The second reason is that the explanation promised in the title essentially amounts to, "Romney lost because he was chosen as the leader of an unpopular party." In other words, Frum's book is more a diagnosis of the ills of the GOP than an autopsy of the Romney campaign. Much of its content will be familiar to readers of his blog, columns and essays.

Frum begins by making the case that Obama was vulnerable, but I believe he somewhat overstates it. Most political science models based on fundamentals predicted a narrow Obama win, and exit polling suggests that a majority of voters did not blame the president for economic conditions, accepted the campaign's argument that no one could have fixed the economy fully in four years and were confident that the economy was recovering, however slowly. Obama never surrendered his Electoral College lead in aggregated polling.

That assessment of his vulnerability aside, we're informed that Obama has presided over the largest expansion of government since LBJ, though Frum doesn't speak to the extent to which that expansion has been temporary emergency action in response to the worst economic and financial catastrophe since the Great Depression. Perhaps Frum believes that Obama really does want to run GM. And does the expansion of the national security state and the global war on terror, which Obama did not initiate but has most assuredly perpetuated, count as big government? Or is it only government action intended to save jobs and restore economic growth that needs be limited? We don't know, because Frum doesn't say.

Having swiftly indicted the president for his first term, we then move into the heart of Frum's argument, which, as mentioned previously, has remarkably little to do with Mitt Romney and his merits as a candidate, or lack thereof. There is no discussion of tax returns or Bain Capital, no consideration of whether a more moderate choice for a running mate might have appealed to a broader section of the electorate.

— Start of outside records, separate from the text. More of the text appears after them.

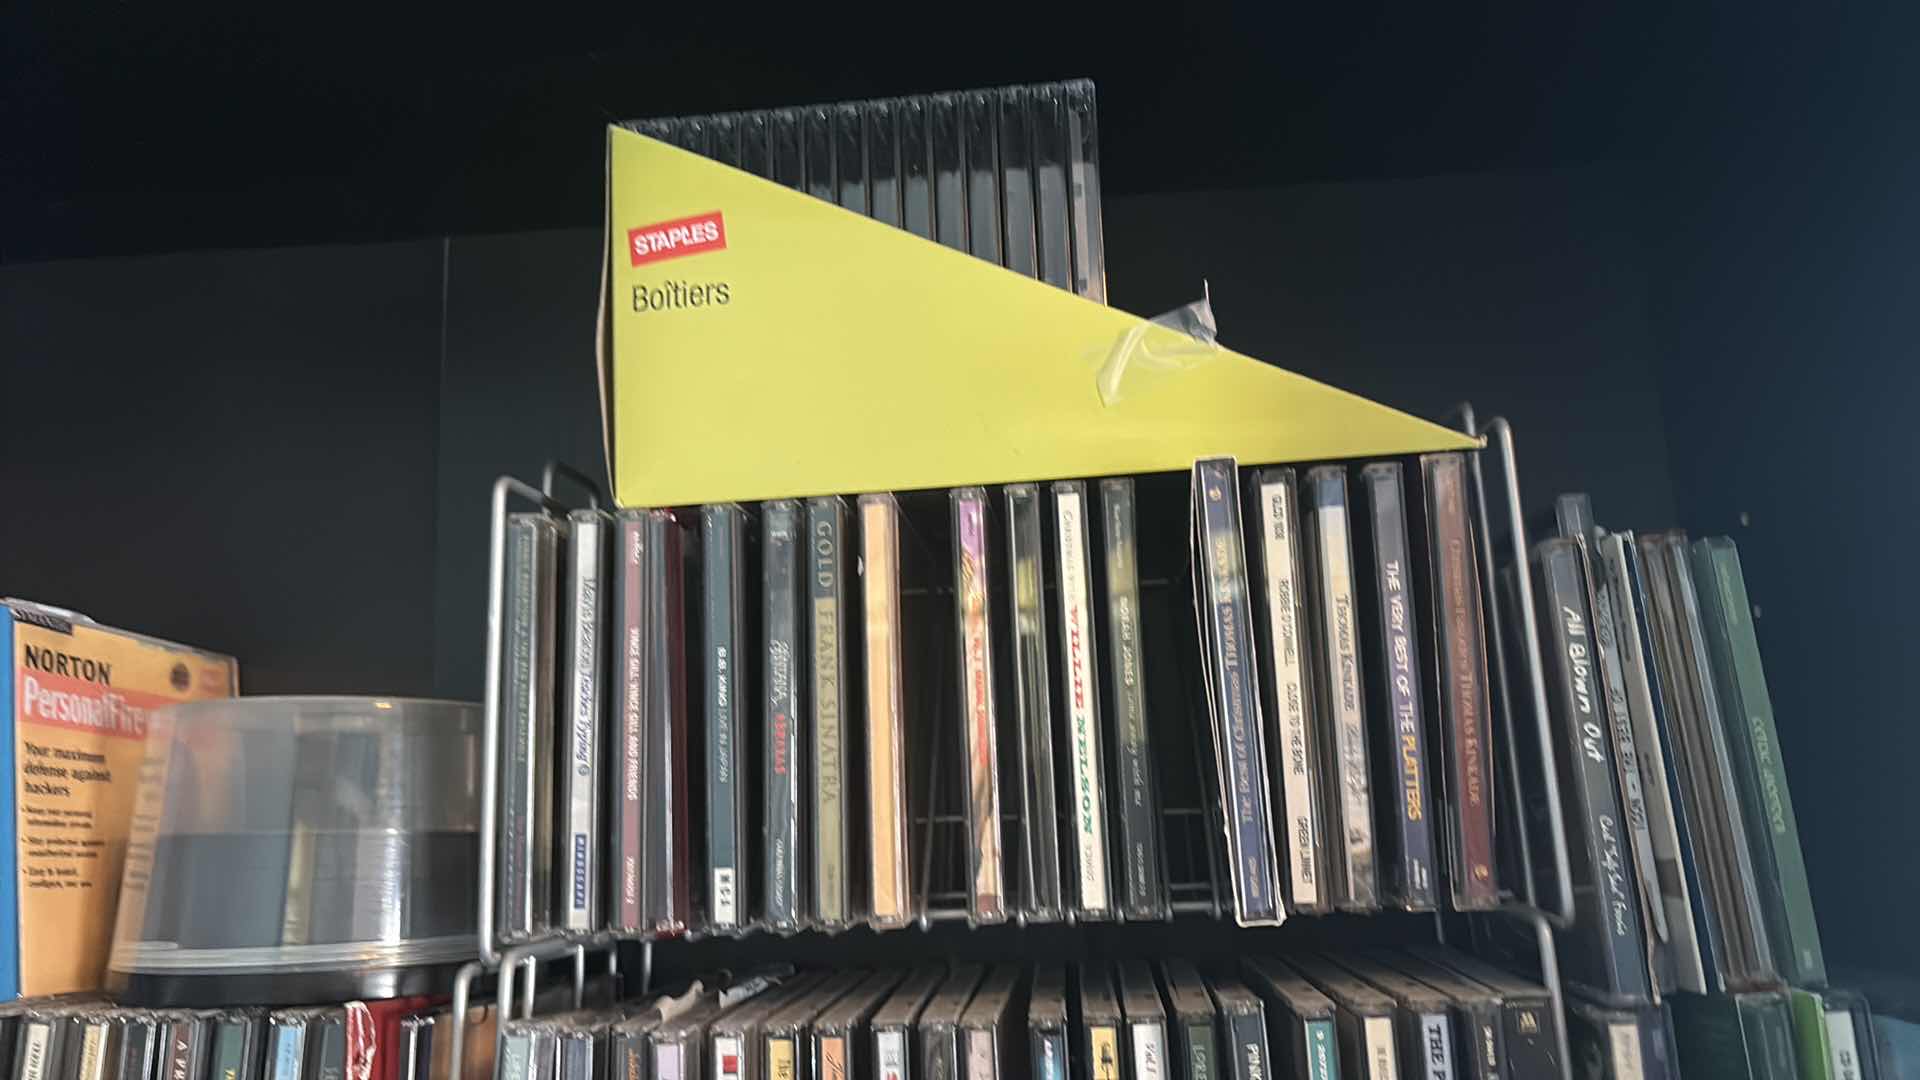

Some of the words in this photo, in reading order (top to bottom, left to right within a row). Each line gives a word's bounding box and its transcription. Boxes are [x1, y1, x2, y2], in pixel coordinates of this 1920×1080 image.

[634, 220, 721, 256] STAPLES
[632, 280, 730, 313] Boîtiers
[816, 520, 834, 588] GOLD
[1386, 561, 1400, 592] THE
[1389, 594, 1403, 632] VERY
[1563, 606, 1586, 635] All
[26, 644, 112, 688] NORTON
[818, 608, 836, 689] FRANK
[1069, 604, 1084, 709] WILLIE
[1393, 635, 1408, 673] BEST
[1395, 674, 1411, 697] OF
[1568, 642, 1593, 714] Blown
[25, 676, 150, 736] PersonalFire
[1398, 701, 1415, 733] THE
[820, 697, 838, 804] SINATRA
[1583, 721, 1605, 763] Out
[1076, 714, 1093, 834] NELSON
[1400, 734, 1422, 823] PLATTERS
[1296, 815, 1309, 848] GREEN
[1427, 1024, 1445, 1065] THE

All of those things and more may have contributed to Romney's loss, but again, this book really isn't about that.

Frum argues that the Republican Party has become too ideologically extreme - an argument that just about everyone who isn't an ideologically extreme Republican is prepared to accept. Frum devotes much of his attention to social issues: the GOP should accept same-sex marriage and moderate on abortion...or at least stop talking about it. The "crackpot" wing of the party should be consigned to the basement. These "crackpots" seem to be the most radical element of the religious and social conservative faction - the rape philosophers, misogynists, contraception prohibitionists, nativists, birthers and bigots. There is hardly anything here to which one might object. There is also no analysis of whether adopting these needed reforms would allow the GOP to pick up enough minorities, women and social liberals to make up for the loss of the rape philosophers, misogynists, nativists, birthers and bigots. It's left as an unstated assumption, but I'm not sure it's one that would withstand deeper analysis or indeed a real-world test at the polls.

In terms of domestic policy, Frum argues that the GOP needs to offer solutions for income inequality, working- and middle-class wage stagnation, climate change and other 21st century issues confronting the country. He does not suggest what any of these solutions might look like, and that's a disappointing miss in a book like this.

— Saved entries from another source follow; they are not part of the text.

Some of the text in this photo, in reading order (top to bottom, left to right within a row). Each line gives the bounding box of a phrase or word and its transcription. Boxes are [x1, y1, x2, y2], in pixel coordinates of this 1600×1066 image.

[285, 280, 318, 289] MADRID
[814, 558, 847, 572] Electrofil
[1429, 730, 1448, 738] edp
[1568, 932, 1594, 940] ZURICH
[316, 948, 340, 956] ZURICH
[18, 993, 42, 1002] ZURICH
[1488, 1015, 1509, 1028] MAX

Frum also accepts the need for universal health care, and his criticisms of Obamacare fall mainly on the taxes that pay for it. Frum suggests replacing them with taxes on carbon emissions or consumption.

Despite the absence of concrete proposals, this is all perfectly reasonable, and it leaves one wondering why David Frum isn't a New Democrat. Why all this effort to reform the GOP when there's another party full of people who already agree with him? Frum is probably too far to the left on a whole range of these issues to be considered a Blue Dog, but certainly he'd find a comfortable home in the less conservative, centrist middle of the Democratic Party. This is something Frum's book shares with various "third way" and centrist manifestos, which enthusiastically embrace the Democratic policy program while sniffing disdainfully at the Democratic pols seeking to implement that program by grinding away in the sausage factory on Capitol Hill.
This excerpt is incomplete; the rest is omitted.